While it is difficult to predict whether the new system will last, it does have the potential to evolve in another direction. First, a considerable degree of $LOKA utility will come from the new Dargo project, "the first collection of the LOKGoods NFT series." However, we have not yet seen player reactions to it, so it is uncertain whether there is sufficient demand for Dargo.

Second, as I previously analyzed, land is the most crucial element in the game, and its utility previously came from the yield of stablecoins. While using a native token will stabilize the yield of each land, replacing DAI with LOKA is a double-edged sword. Will a drop in the price of $LOKA lead to a drop in the price of Land, creating a death spiral?

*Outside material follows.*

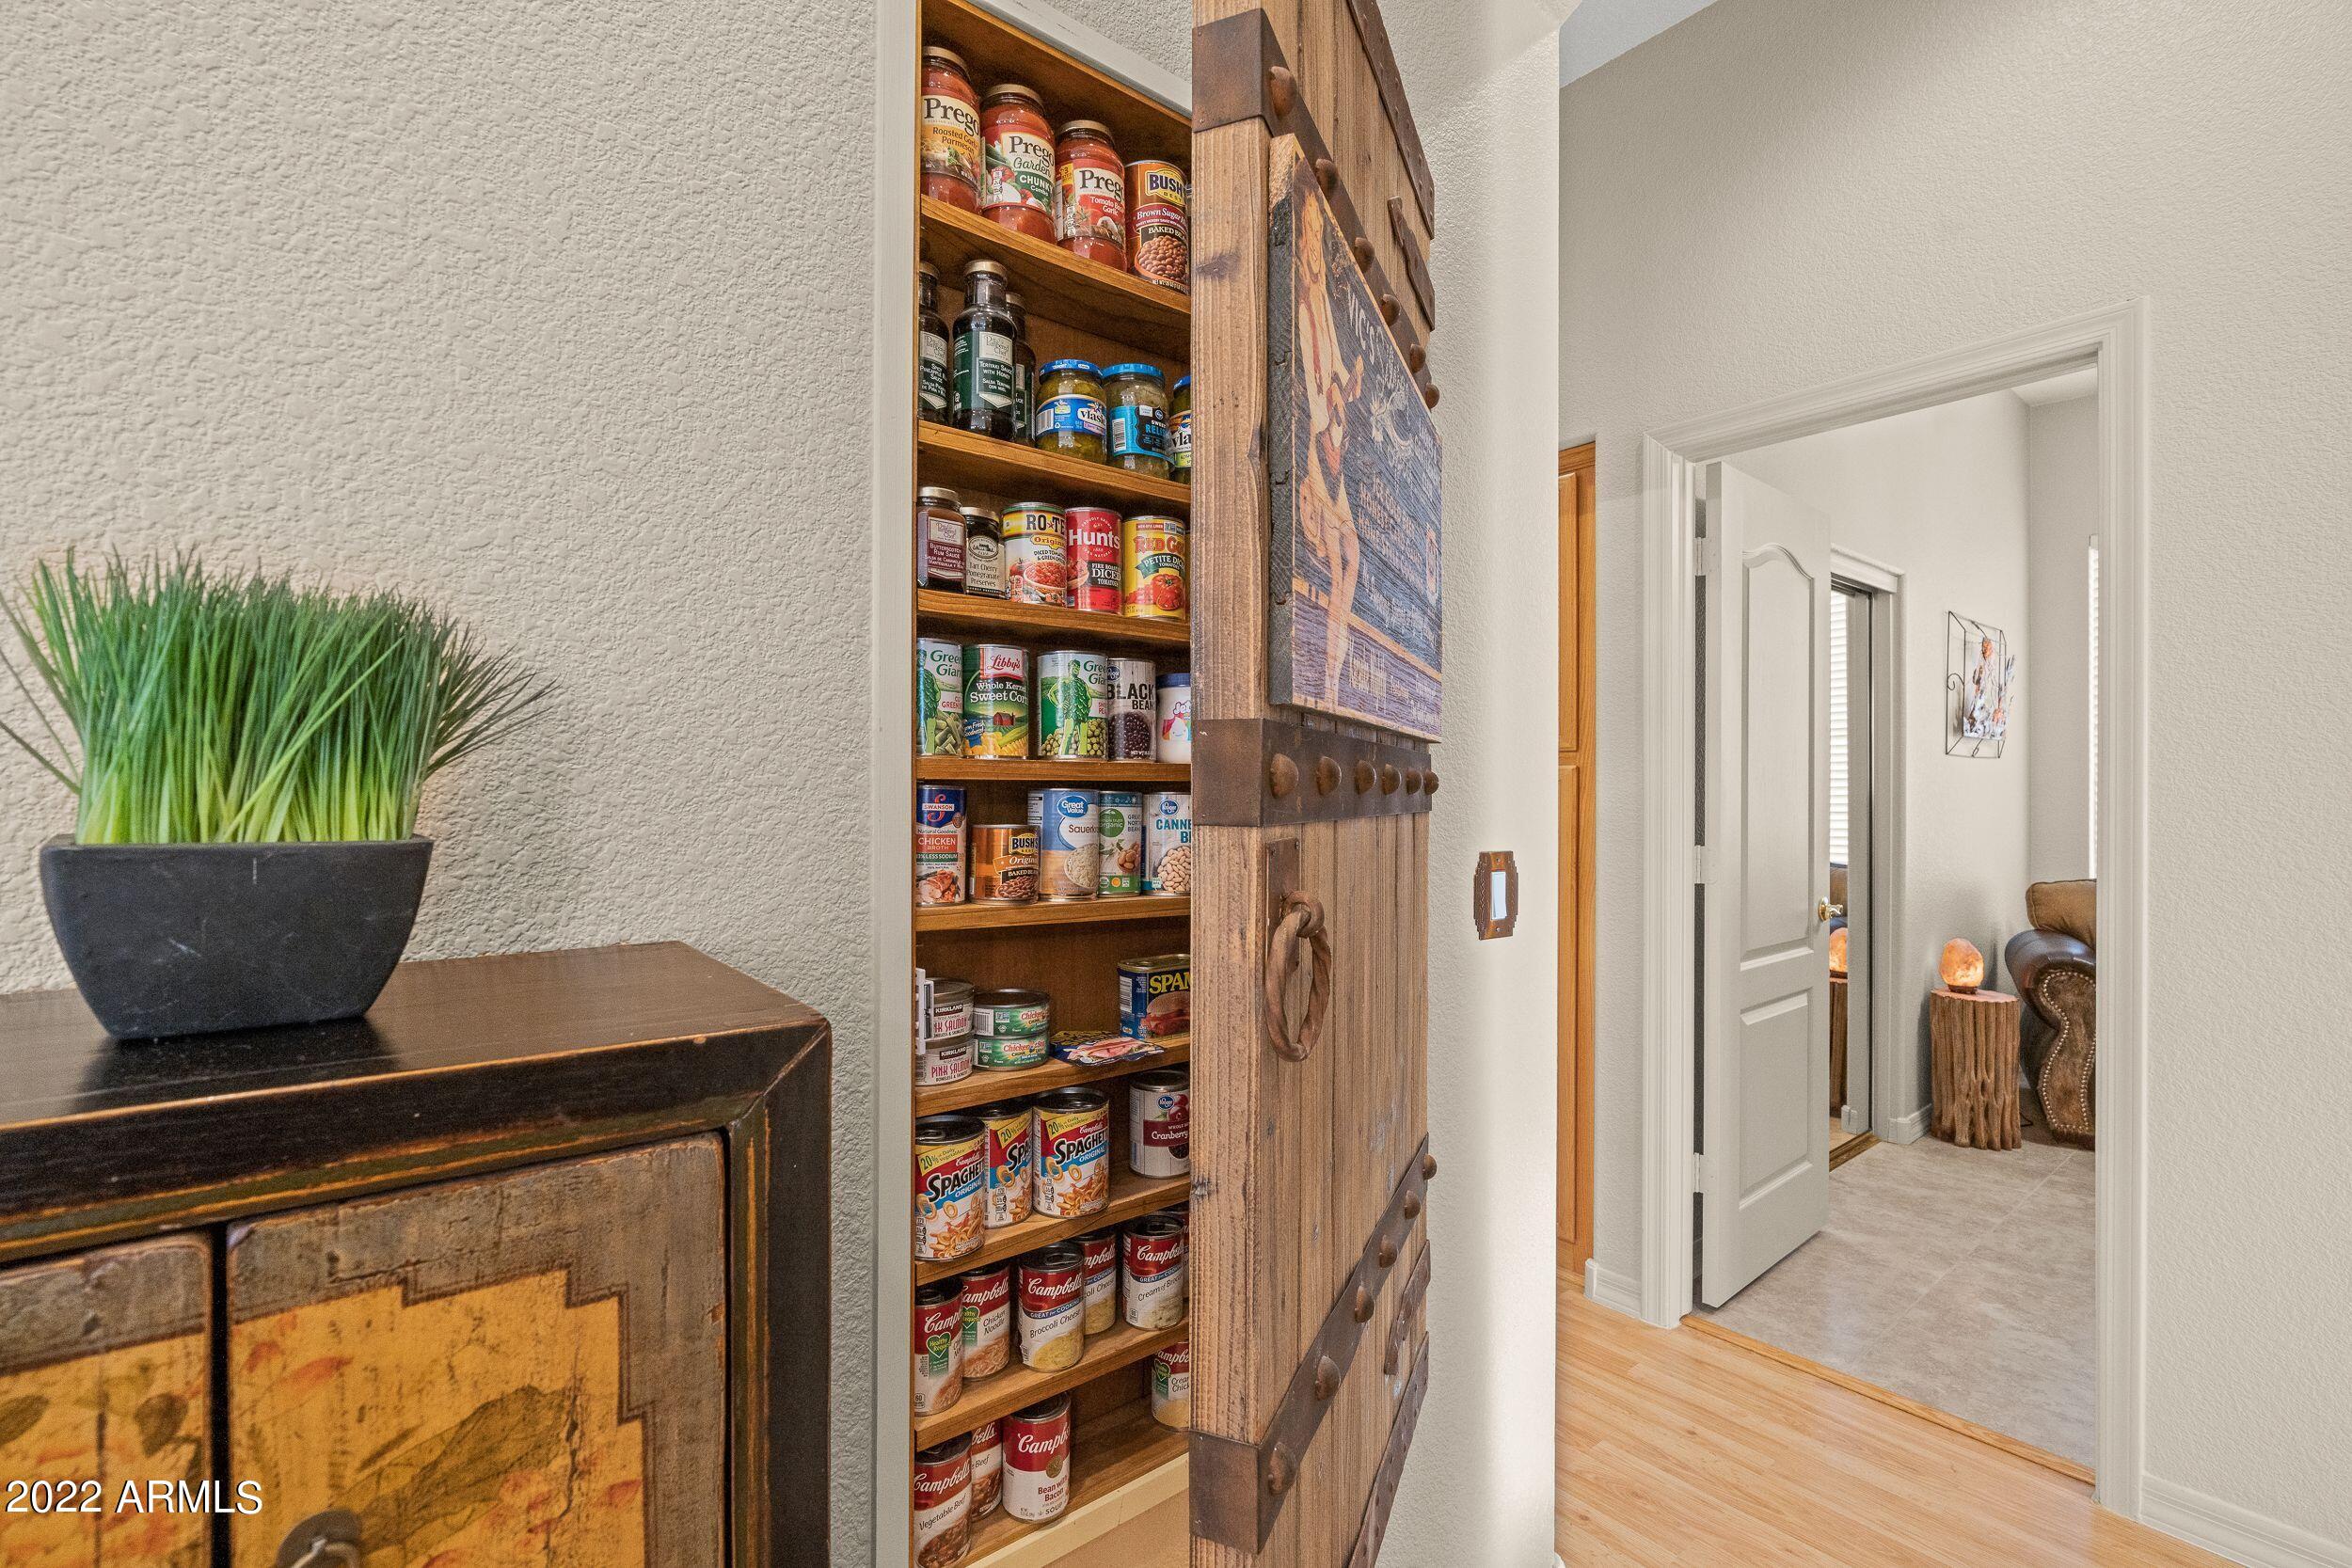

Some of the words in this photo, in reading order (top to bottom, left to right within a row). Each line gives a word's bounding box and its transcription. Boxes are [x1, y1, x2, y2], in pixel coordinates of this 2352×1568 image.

The key to avoiding this situation is to ensure that LOKA has sufficient utility. Currently, upgrading land levels depends on the development points system, and players can only obtain development points by collecting resources, completing tasks, or conquering temples. Is it appropriate and wise to somehow incorporate LOKA into the development points system? For example: Players must pay a certain amount of $LOKA for each land level upgrade, which is then redistributed through the treasury.

In addition to utility, another "less obvious" deciding factor for the success of GameFi projects is whether players find it fun. Think about it: if LOKA really depreciates, the return on investment for land becomes low enough. In this case, the demand from speculators will decrease, and thus the price of LOKA will also drop. However, if there is a sufficiently large user base that sticks with the project, LOKA and land will not completely lose their utility. In fact, in such a scenario, as the player base shrinks, players are more likely to enhance their land and yields. Then LOKA and Lands will appreciate accordingly.

Data, Calculations, and Financial Perspectives

Finally, let’s examine how these models operate in reality.

First, let’s calculate the actual returns under the current $DAI system. Since the game encourages play-to-earn, it adopts a "winner takes all" formula to distribute its rewards.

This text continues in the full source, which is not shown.